Abstract

All nuclear-armed states use plutonium in their weapon designs and have acquired stockpiles of military plutonium. Verifying existing stockpiles and their elimination is a key challenge for nuclear arms control and disarmament efforts. With nuclear archaeology, it is possible to independently reconstruct plutonium production histories using isotope ratio measurements during inspections combined with detailed reactor simulations. However, most of these simulation tools are proprietary or export-controlled. As a consequence, they lack transparency and not all parties engaged in processes involving plutonium production estimates might gain access to the same tools. Furthermore, nuclear archaeology is unable to provide complete estimates of plutonium production in reactors that also produced tritium, another isotope used in nuclear weapons and produced by nuclear-armed states.
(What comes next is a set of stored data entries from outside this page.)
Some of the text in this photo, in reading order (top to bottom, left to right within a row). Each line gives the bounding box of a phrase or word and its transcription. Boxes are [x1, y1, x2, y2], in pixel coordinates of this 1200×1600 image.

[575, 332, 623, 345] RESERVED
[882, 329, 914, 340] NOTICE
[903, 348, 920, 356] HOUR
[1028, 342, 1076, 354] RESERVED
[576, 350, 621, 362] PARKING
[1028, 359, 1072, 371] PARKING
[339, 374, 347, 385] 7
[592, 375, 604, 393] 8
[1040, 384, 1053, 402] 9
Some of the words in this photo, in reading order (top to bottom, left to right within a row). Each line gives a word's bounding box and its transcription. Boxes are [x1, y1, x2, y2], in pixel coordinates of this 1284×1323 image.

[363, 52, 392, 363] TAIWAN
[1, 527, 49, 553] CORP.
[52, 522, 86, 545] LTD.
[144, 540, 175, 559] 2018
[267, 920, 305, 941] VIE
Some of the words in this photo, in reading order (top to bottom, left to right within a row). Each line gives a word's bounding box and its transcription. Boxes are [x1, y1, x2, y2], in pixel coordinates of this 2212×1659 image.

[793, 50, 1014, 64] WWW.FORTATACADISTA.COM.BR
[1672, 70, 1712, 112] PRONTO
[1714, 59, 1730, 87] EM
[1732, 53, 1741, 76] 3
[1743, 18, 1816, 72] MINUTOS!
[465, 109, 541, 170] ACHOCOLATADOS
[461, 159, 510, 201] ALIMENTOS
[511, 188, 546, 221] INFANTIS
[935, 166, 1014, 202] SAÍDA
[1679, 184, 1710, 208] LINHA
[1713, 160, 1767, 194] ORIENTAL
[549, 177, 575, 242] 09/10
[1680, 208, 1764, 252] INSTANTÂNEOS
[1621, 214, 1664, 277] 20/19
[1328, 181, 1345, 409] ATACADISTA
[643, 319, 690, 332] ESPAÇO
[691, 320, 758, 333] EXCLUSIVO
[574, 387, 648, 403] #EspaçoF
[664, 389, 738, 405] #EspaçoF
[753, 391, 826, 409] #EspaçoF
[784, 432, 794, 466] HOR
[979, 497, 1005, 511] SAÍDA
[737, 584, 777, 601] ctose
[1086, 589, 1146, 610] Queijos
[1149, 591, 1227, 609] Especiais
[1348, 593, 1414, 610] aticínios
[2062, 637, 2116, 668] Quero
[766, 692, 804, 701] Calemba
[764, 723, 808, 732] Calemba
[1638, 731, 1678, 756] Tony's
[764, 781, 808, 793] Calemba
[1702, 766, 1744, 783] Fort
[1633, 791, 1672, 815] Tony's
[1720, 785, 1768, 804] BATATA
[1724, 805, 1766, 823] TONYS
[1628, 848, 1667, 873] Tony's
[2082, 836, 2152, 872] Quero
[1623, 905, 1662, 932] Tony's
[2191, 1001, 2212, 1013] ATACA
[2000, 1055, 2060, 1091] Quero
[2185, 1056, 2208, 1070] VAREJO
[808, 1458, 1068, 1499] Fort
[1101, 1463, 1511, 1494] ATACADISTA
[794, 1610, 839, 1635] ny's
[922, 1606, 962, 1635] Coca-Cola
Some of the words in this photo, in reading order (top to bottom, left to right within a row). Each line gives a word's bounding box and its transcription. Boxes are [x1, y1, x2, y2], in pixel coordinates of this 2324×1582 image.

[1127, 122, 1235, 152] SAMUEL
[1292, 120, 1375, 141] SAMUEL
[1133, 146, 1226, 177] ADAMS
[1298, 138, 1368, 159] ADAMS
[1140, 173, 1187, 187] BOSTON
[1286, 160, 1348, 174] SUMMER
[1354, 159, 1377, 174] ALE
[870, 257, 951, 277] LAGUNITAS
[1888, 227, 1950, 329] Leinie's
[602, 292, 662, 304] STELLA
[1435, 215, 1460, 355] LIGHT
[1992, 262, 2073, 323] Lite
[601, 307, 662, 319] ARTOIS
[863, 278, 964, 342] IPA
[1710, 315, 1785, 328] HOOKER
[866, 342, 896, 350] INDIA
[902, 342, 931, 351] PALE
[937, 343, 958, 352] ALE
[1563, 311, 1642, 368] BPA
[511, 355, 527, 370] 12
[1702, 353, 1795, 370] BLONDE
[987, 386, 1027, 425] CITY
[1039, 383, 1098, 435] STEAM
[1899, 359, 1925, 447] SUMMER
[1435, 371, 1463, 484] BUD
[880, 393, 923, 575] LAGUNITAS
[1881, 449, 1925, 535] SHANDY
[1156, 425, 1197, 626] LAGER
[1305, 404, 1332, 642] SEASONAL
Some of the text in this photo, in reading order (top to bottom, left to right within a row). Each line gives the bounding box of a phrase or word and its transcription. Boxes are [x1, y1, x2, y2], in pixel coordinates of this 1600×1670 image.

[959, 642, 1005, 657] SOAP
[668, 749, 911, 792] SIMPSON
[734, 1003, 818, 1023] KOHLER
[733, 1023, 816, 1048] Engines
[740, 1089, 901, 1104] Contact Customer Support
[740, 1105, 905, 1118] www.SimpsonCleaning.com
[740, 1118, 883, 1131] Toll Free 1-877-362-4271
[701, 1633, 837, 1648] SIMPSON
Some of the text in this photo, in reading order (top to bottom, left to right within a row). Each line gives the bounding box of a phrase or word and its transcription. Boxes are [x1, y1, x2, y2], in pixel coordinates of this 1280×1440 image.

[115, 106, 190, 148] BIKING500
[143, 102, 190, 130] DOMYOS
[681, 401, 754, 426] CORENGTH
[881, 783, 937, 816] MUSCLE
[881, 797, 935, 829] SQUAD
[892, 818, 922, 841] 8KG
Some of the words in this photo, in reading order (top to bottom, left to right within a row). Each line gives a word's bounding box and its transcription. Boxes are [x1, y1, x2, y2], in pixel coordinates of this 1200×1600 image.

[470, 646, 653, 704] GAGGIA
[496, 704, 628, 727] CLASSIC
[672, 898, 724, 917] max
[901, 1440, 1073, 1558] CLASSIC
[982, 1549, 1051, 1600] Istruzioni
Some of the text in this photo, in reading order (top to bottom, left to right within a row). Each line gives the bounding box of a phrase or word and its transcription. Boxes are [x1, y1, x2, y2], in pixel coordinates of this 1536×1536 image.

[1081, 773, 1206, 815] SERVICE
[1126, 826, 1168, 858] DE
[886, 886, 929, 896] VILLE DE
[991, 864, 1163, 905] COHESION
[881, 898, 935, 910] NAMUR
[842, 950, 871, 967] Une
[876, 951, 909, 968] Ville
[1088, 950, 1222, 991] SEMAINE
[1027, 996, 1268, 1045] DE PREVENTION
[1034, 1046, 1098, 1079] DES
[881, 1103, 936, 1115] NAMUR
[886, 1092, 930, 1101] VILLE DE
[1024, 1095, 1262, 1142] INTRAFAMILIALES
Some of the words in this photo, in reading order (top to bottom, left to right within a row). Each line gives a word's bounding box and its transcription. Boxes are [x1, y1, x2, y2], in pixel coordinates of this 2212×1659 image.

This thesis introduces ONIX, the first open-source nuclear reactor simulation software that can be used to estimate plutonium production with nuclear archaeology. ONIX is a nuclear burnup software that computes the changes in the isotopic composition of different materials in a nuclear reactor. ONIX provides a coupling interface for the open-source neutron transport code, OpenMC and a module to solve the burnup equation. The software is also equipped with a module that automates methods of nuclear archaeology. The code is validated using results from two different bench-marks, and its results agree with other code packages within expected error ranges. In the context of nuclear arms control and disarmament processes, ONIX can provide plutonium production estimates in a fully transparent way that enhances mutual trust among parties.

To estimate plutonium production in reactors that have also produced tritium, a new method called production mode verification is introduced. It relies on the fact that the production of plutonium leads to a neutron spectrum in the reactor that is different from the spectrum that characterizes tritium production. Specific isotope ratios can be measured to detect such differences in neutron spectra. This work demonstrates the general feasibility of the method for heavy-water reactors using detailed reactor simulations. This method could be indispensable to estimate plutonium production in nuclear-armed states since they all produced tritium in nuclear reactors for weapons development.